Berlin | Bund und Länder haben sich auf eine Lockdown-Verlängerung bis 14. Februar geeinigt. Es sei dabei lange gerungen worden um die Maßnahmen für die Schulen, sagte Bundeskanzlerin Angela Merkel (CDU) nach der Videokonferenz mit den Ministerpräsidenten der Länder. Offenbar setzte sich die Kanzlerin dabei mit ihrer vergleichsweise harten Haltung durch.

Demnach bleiben die Schulen und Kitas "grundsätzlich geschlossen bzw. die Präsenzpflicht ausgesetzt". Auch das Arbeiten im Homeoffice sei zentraler Punkt der Beratungen gewesen, so Merkel: Dazu soll das Arbeitsministerium eine Verordnung befristet bis zum 15. März 2021 erlassen, wonach Arbeitgeber "überall dort, wo es möglich ist, den Beschäftigten das Arbeiten im Homeoffice ermöglichen müssen, sofern die Tätigkeiten es zulassen", heißt es im Beschlusspapier.
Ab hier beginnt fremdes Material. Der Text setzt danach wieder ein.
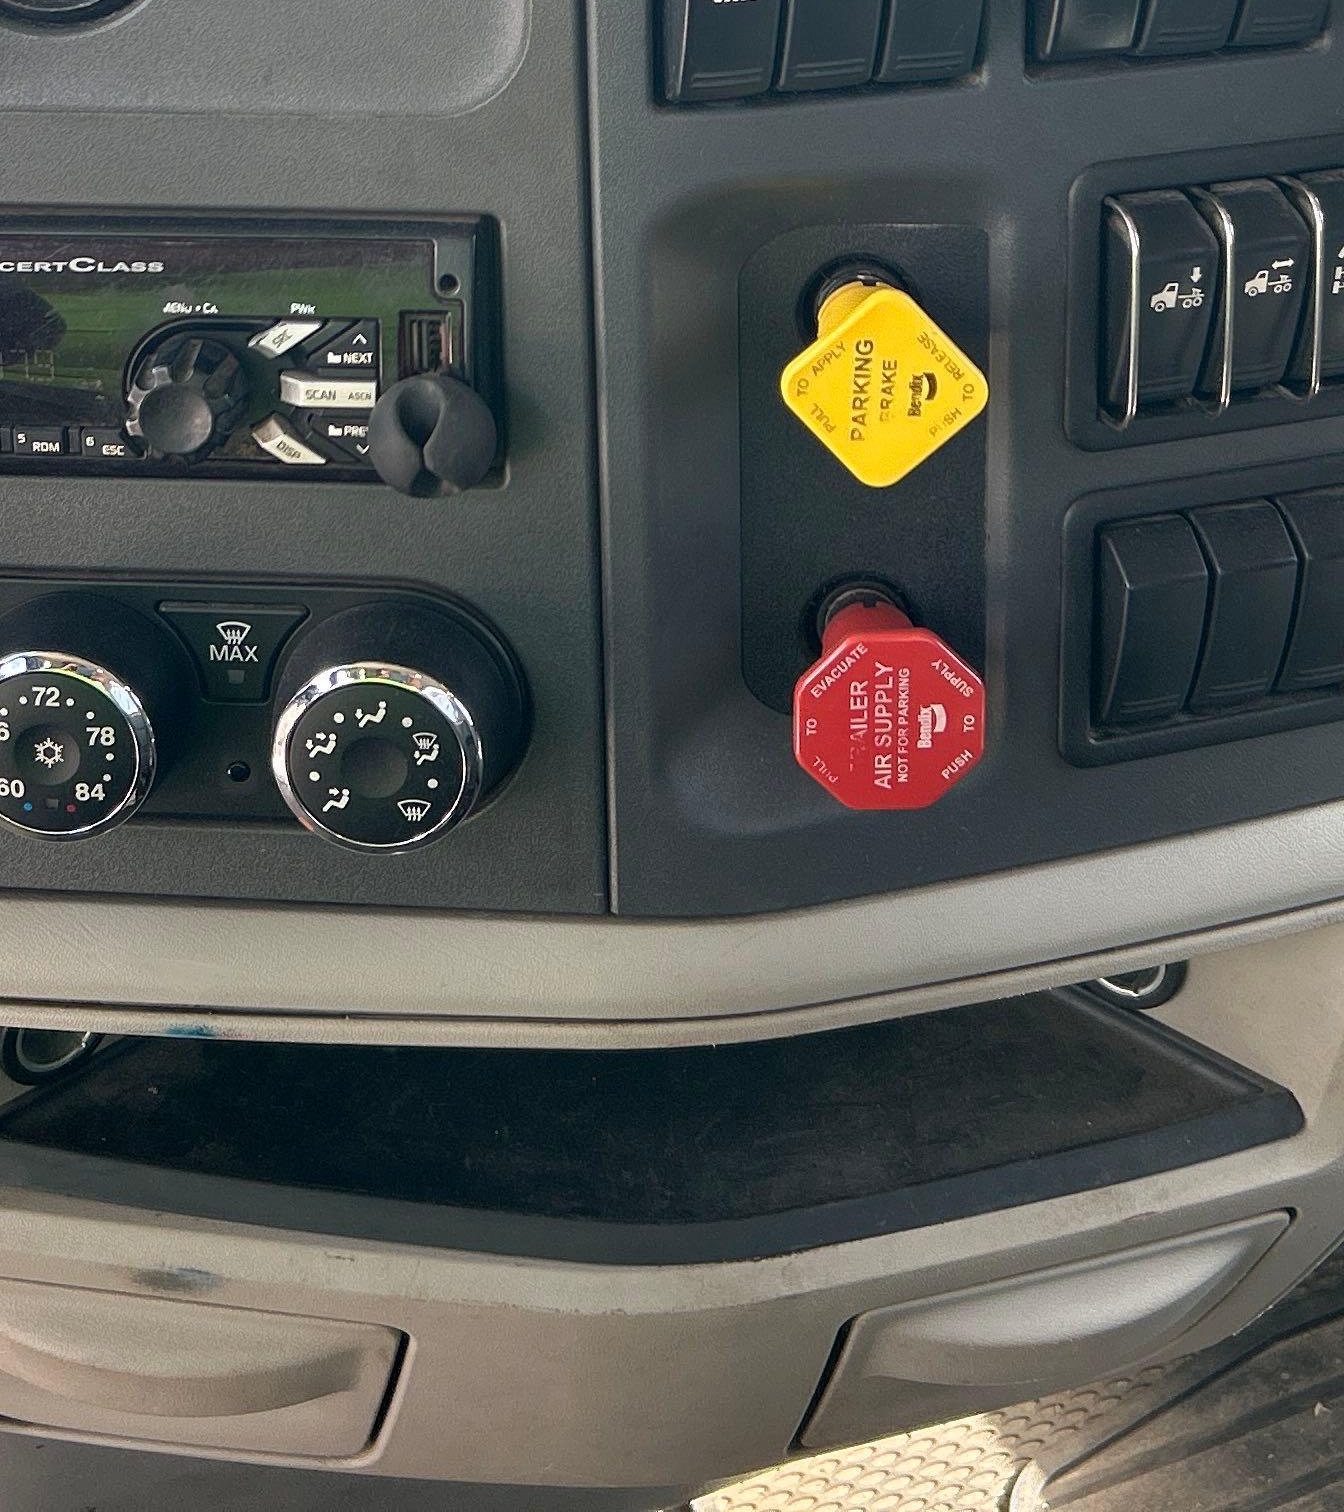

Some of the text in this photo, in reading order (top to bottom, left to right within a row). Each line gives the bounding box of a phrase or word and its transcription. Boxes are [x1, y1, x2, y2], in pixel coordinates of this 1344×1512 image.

[343, 352, 374, 364] NEXT
[917, 331, 965, 381] RELEASE
[305, 389, 373, 401] SCAN ASCN
[797, 341, 847, 433] PULL TO APPLY
[850, 339, 874, 441] PARKING
[907, 373, 924, 417] Bendix
[962, 383, 975, 401] TO
[343, 424, 369, 437] PRE
[17, 433, 60, 452] 5 RDM
[85, 436, 125, 456] 6 ESC
[276, 439, 301, 460] DISP
[209, 644, 259, 663] MAX
[31, 687, 61, 707] 72
[806, 642, 868, 783] PULL TO EVACUATE
[930, 658, 975, 780] PUSH TO SUPPLY
[850, 680, 869, 771] AILER
[874, 661, 893, 789] AIR SUPPLY
[897, 667, 910, 783] NOT FOR PARKING
[917, 704, 933, 749] Bendix
[86, 726, 115, 746] 78
[74, 782, 106, 801] 84
Die weiteren Details der Corona-Maßnahmen waren im Wesentlichen vorher schon bekannt geworden.

Private Zusammenkünfte sind weiterhin im Kreis der Angehörigen des eigenen Hausstandes und mit einer weiteren nicht im Haushalt lebenden Person gestattet, die Pflicht zum Tragen von Mund-Nasen-Bedeckungen in öffentlichen Verkehrsmitteln sowie in Geschäften wird "verbindlich auf eine Pflicht zum Tragen von medizinischen Masken konkretisiert", so der Bund-Länder-Beschluss. Gottesdienste sind nur erlaubt, wenn der Mindestabstand von 1,5 Metern gewahrt wird, bei Pflicht zum Tragen einer medizinischen Maske auch am Platz und ohne Gemeindegesang, Zusammenkünfte mit mehr als 10 Teilnehmenden sind zudem beim zuständigen Ordnungsamt spätestens zwei Werktage zuvor anzuzeigen.